| TASK PROMPT |
Extract the complete listing and repeat it word for word.
PROVIDED RECORDS Block Start
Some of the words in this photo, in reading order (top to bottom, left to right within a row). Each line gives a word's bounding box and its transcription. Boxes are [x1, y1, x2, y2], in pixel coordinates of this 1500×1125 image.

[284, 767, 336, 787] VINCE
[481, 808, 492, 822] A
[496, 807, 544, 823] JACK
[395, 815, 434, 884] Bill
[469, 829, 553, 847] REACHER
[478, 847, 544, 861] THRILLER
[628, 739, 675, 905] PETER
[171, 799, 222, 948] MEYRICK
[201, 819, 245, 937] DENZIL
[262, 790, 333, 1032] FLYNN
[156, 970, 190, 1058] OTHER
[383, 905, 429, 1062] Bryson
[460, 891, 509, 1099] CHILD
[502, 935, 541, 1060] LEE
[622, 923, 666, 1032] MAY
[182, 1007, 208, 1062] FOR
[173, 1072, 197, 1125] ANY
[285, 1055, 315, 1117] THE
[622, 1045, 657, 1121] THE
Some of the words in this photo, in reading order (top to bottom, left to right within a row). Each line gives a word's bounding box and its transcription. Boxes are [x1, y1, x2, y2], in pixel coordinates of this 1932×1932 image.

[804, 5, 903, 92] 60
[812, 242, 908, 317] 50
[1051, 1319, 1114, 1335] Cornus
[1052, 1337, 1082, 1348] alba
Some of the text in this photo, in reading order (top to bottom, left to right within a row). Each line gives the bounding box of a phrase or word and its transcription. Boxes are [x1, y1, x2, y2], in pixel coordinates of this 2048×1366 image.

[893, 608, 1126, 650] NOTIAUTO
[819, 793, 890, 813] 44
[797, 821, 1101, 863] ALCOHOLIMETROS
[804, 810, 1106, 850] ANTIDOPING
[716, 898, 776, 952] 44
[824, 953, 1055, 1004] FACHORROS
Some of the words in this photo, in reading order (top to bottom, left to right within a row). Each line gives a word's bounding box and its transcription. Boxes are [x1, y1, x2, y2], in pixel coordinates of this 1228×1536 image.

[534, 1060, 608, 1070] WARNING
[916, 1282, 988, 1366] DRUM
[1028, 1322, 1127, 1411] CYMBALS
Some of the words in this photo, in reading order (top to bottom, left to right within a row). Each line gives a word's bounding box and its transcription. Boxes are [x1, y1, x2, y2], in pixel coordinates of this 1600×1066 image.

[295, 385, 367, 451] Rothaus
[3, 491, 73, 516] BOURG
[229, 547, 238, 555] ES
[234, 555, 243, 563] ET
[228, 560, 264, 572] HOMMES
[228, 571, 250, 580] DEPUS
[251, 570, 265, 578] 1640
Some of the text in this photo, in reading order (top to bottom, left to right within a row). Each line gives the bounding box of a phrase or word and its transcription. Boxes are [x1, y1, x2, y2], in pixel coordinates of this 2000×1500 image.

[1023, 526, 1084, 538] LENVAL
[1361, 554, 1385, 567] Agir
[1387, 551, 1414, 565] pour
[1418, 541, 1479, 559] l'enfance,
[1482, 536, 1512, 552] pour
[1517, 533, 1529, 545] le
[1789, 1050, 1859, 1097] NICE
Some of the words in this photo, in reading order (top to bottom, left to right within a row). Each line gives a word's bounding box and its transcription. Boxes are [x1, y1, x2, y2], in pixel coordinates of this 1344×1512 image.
PROVIDED RECORDS Block End
| TASK RESULT |
Some of the words in this photo, in reading order (top to bottom, left to right within a row). Each line gives a word's bounding box and its transcription. Boxes are [x1, y1, x2, y2], in pixel coordinates of this 1500×1125 image.

[284, 767, 336, 787] VINCE
[481, 808, 492, 822] A
[496, 807, 544, 823] JACK
[395, 815, 434, 884] Bill
[469, 829, 553, 847] REACHER
[478, 847, 544, 861] THRILLER
[628, 739, 675, 905] PETER
[171, 799, 222, 948] MEYRICK
[201, 819, 245, 937] DENZIL
[262, 790, 333, 1032] FLYNN
[156, 970, 190, 1058] OTHER
[383, 905, 429, 1062] Bryson
[460, 891, 509, 1099] CHILD
[502, 935, 541, 1060] LEE
[622, 923, 666, 1032] MAY
[182, 1007, 208, 1062] FOR
[173, 1072, 197, 1125] ANY
[285, 1055, 315, 1117] THE
[622, 1045, 657, 1121] THE
Some of the words in this photo, in reading order (top to bottom, left to right within a row). Each line gives a word's bounding box and its transcription. Boxes are [x1, y1, x2, y2], in pixel coordinates of this 1932×1932 image.

[804, 5, 903, 92] 60
[812, 242, 908, 317] 50
[1051, 1319, 1114, 1335] Cornus
[1052, 1337, 1082, 1348] alba
Some of the text in this photo, in reading order (top to bottom, left to right within a row). Each line gives the bounding box of a phrase or word and its transcription. Boxes are [x1, y1, x2, y2], in pixel coordinates of this 2048×1366 image.

[893, 608, 1126, 650] NOTIAUTO
[819, 793, 890, 813] 44
[797, 821, 1101, 863] ALCOHOLIMETROS
[804, 810, 1106, 850] ANTIDOPING
[716, 898, 776, 952] 44
[824, 953, 1055, 1004] FACHORROS
Some of the words in this photo, in reading order (top to bottom, left to right within a row). Each line gives a word's bounding box and its transcription. Boxes are [x1, y1, x2, y2], in pixel coordinates of this 1228×1536 image.

[534, 1060, 608, 1070] WARNING
[916, 1282, 988, 1366] DRUM
[1028, 1322, 1127, 1411] CYMBALS
Some of the words in this photo, in reading order (top to bottom, left to right within a row). Each line gives a word's bounding box and its transcription. Boxes are [x1, y1, x2, y2], in pixel coordinates of this 1600×1066 image.

[295, 385, 367, 451] Rothaus
[3, 491, 73, 516] BOURG
[229, 547, 238, 555] ES
[234, 555, 243, 563] ET
[228, 560, 264, 572] HOMMES
[228, 571, 250, 580] DEPUS
[251, 570, 265, 578] 1640
Some of the text in this photo, in reading order (top to bottom, left to right within a row). Each line gives the bounding box of a phrase or word and its transcription. Boxes are [x1, y1, x2, y2], in pixel coordinates of this 2000×1500 image.

[1023, 526, 1084, 538] LENVAL
[1361, 554, 1385, 567] Agir
[1387, 551, 1414, 565] pour
[1418, 541, 1479, 559] l'enfance,
[1482, 536, 1512, 552] pour
[1517, 533, 1529, 545] le
[1789, 1050, 1859, 1097] NICE
Some of the words in this photo, in reading order (top to bottom, left to right within a row). Each line gives a word's bounding box and its transcription. Boxes are [x1, y1, x2, y2], in pixel coordinates of this 1344×1512 image.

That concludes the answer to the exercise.